Another point that came up on IRC is that shutting down a C* instance using the
init scripts doesn't first drain the node. As a result you get to replay all
the commit logs when you start it up again - this can take a long time. So
draining the node before shutdown (including restart) can be a big win.
> make the debian package never start by default
> ----------------------------------------------
>
> Key: CASSANDRA-2356
> URL: https://issues.apache.org/jira/browse/CASSANDRA-2356
> Project: Cassandra
> Issue Type: Improvement
> Components: Packaging
> Reporter: Jeremy Hanna
> Priority: Minor
> Labels: debian, packaging
> Attachments: 2356.txt
>
>
> Currently the debian package that installs cassandra starts cassandra by
> default. It sounds like that is a standard debian packaging convention.

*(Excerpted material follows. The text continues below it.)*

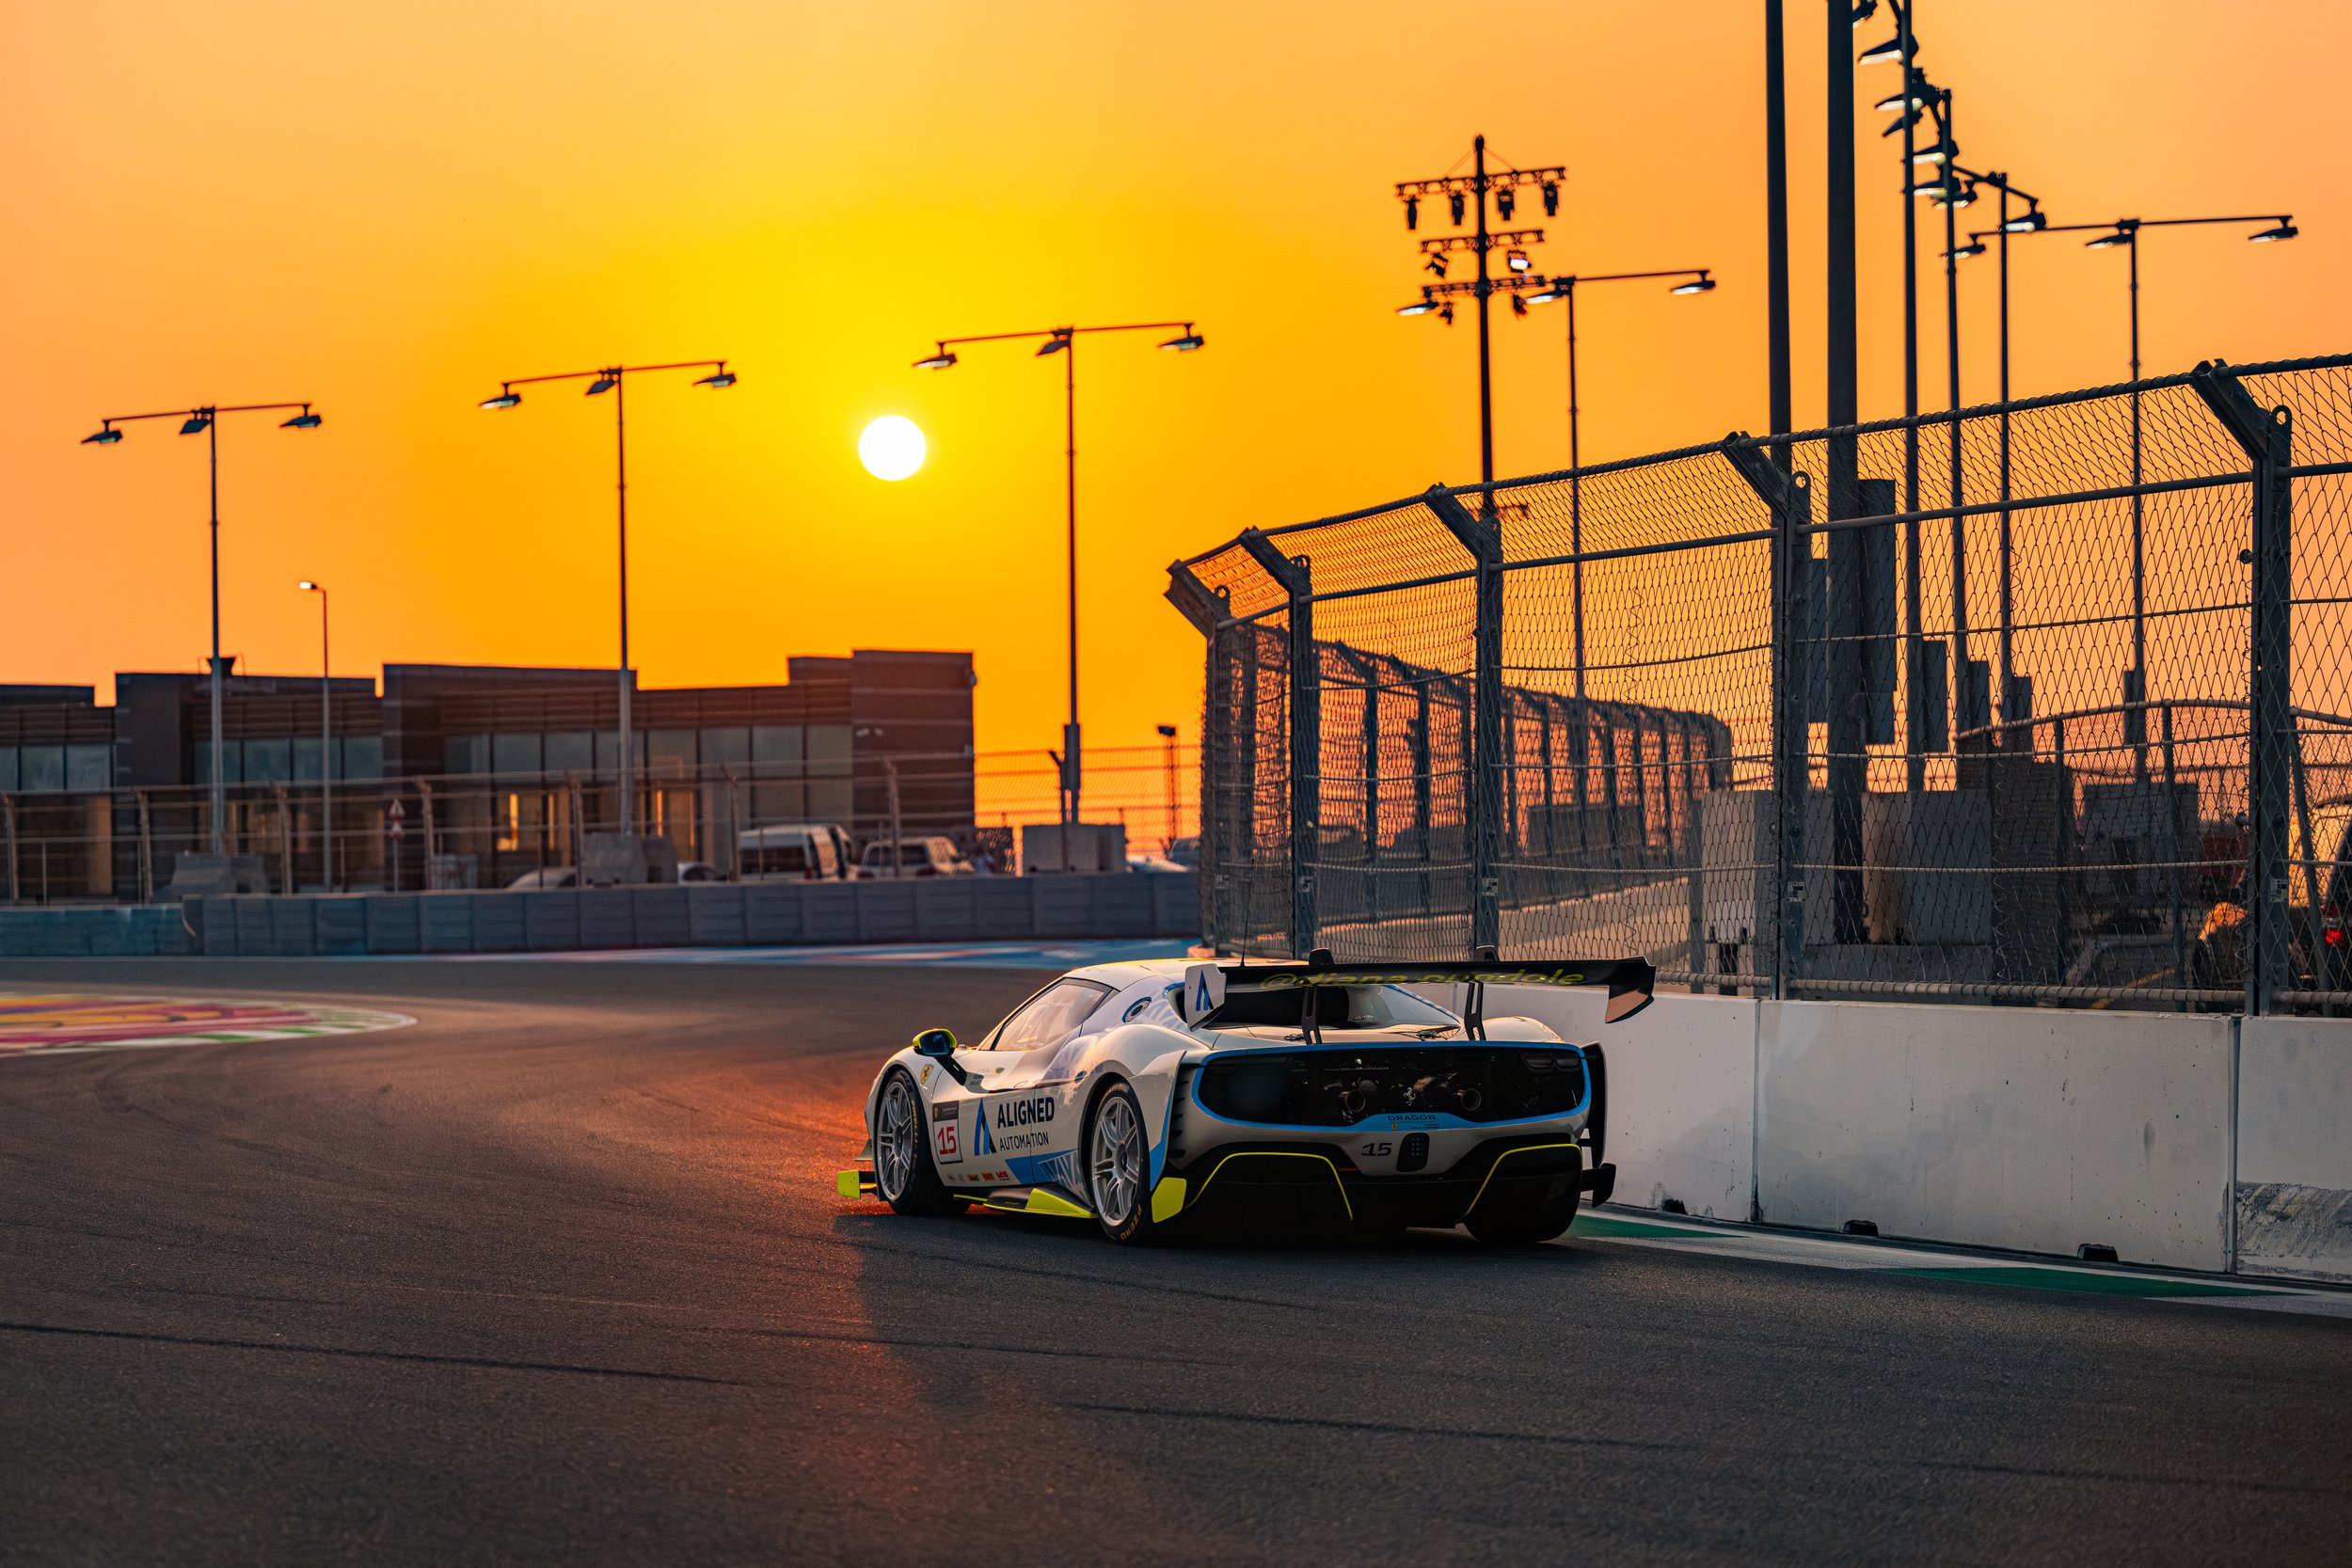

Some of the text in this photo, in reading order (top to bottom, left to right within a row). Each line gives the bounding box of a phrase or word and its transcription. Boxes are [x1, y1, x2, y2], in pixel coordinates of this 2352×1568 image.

[997, 1097, 1055, 1129] ALIGNED
[937, 1126, 957, 1155] 15
[999, 1132, 1050, 1151] AUTOMATION
[1360, 1142, 1392, 1156] 15

> However, if you want to bootstrap a new node and want to configure it before
> it creates any sort of state information, it's a pain. I would think that
> the common use case would be to have it install all of the init scripts and
> such but *not* have it start up by default. That way an admin can configure
> cassandra with seed, token, host, etc. information and then start it. That
> makes it easier to programmatically do this as well - have chef/puppet
> install cassandra, do some configuration, then do the service start.

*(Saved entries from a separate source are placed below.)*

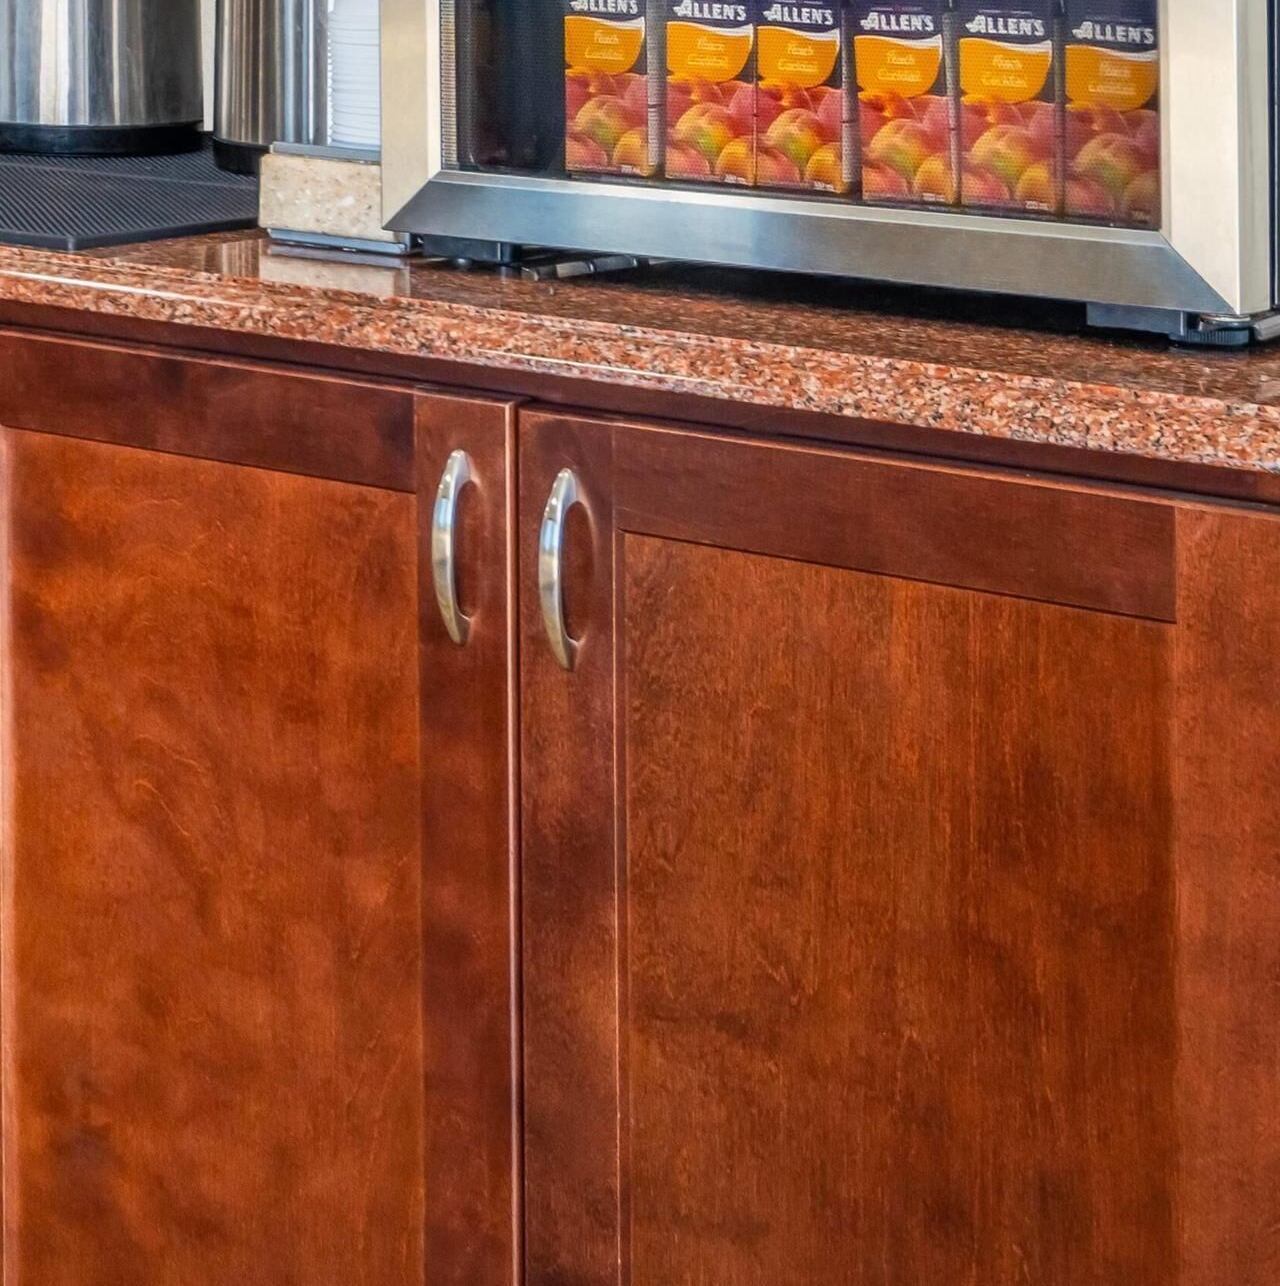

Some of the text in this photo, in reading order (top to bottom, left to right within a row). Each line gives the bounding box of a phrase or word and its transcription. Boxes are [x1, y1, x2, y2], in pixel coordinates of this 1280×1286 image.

[672, 0, 747, 22] ALLEN'S
[762, 4, 833, 25] ALLEN'S
[860, 11, 934, 31] ALLEN'S
[965, 15, 1045, 37] ALLEN'S
[1072, 21, 1154, 45] ALLEN'S
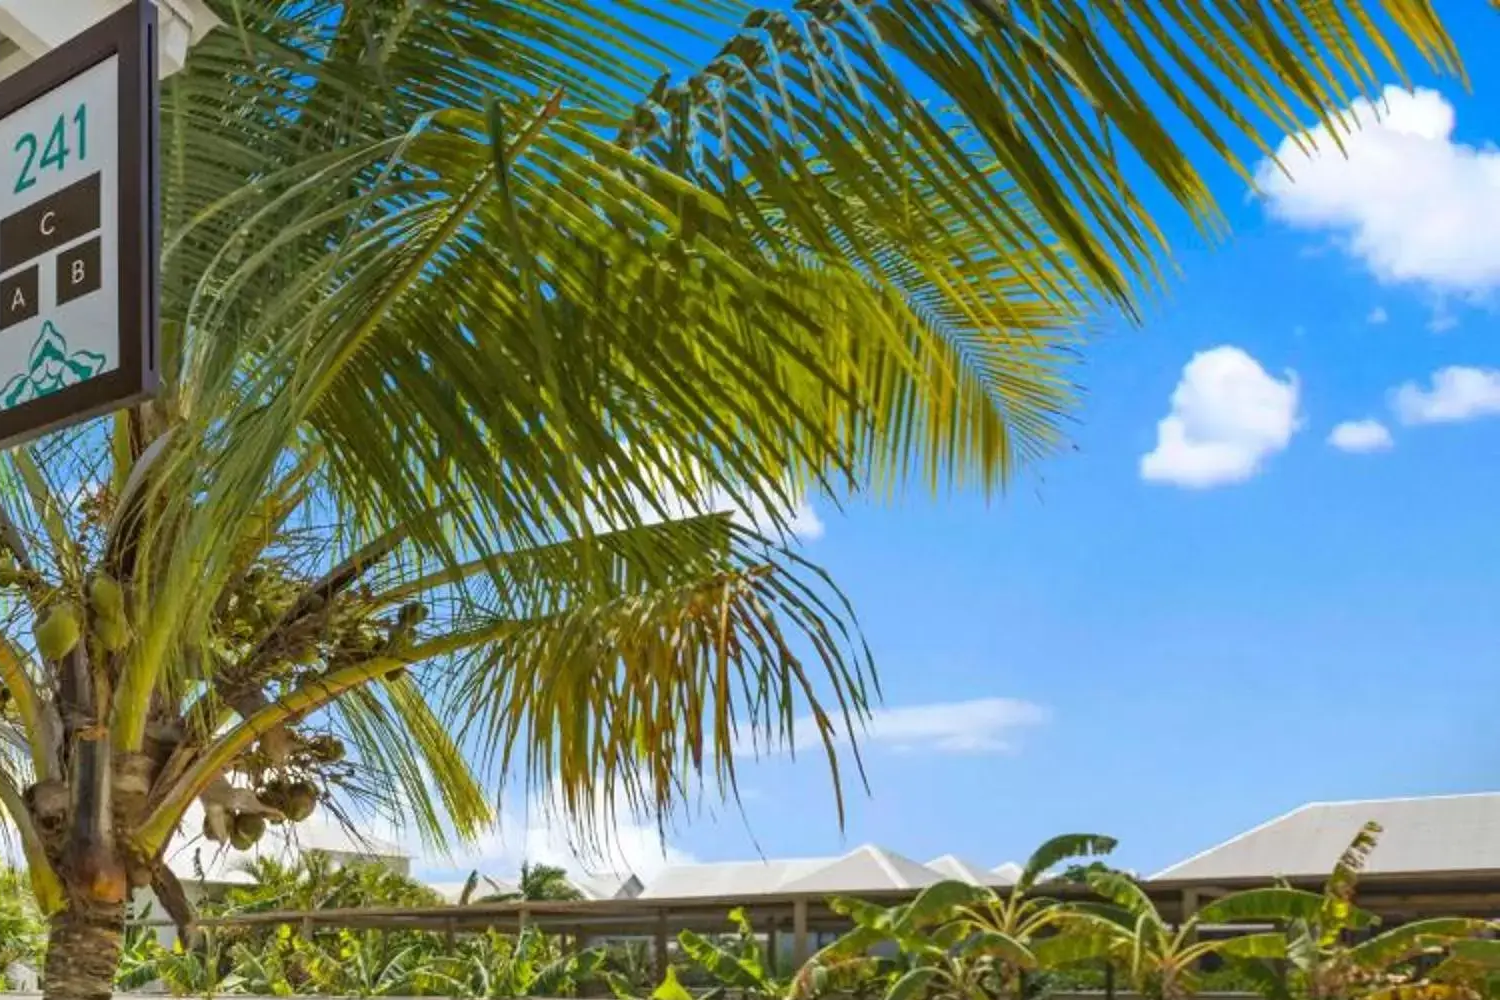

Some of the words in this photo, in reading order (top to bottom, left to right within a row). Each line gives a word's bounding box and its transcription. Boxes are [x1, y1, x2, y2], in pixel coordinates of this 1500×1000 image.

[13, 103, 86, 195] 241
[40, 211, 56, 235] C
[72, 259, 85, 285] B
[11, 288, 25, 312] A

> With the current setup, it sounds like cassandra creates state on startup
> that has to be cleaned before a new configuration can take effect. So the
> process of installing turns into:
> * install debian package
> * shutdown cassandra
> * clean out state (data/log dirs)
> * configure cassandra
> * start cassandra
> That seems suboptimal for the default case, especially when trying to
> automate new nodes being bootstrapped.
> Another case might be when a downed node comes back up and starts by default
> and tries to claim a token that has already been claimed by another newly
> bootstrapped node. Rob is more familiar with that case so I'll let him
> explain it in the comments.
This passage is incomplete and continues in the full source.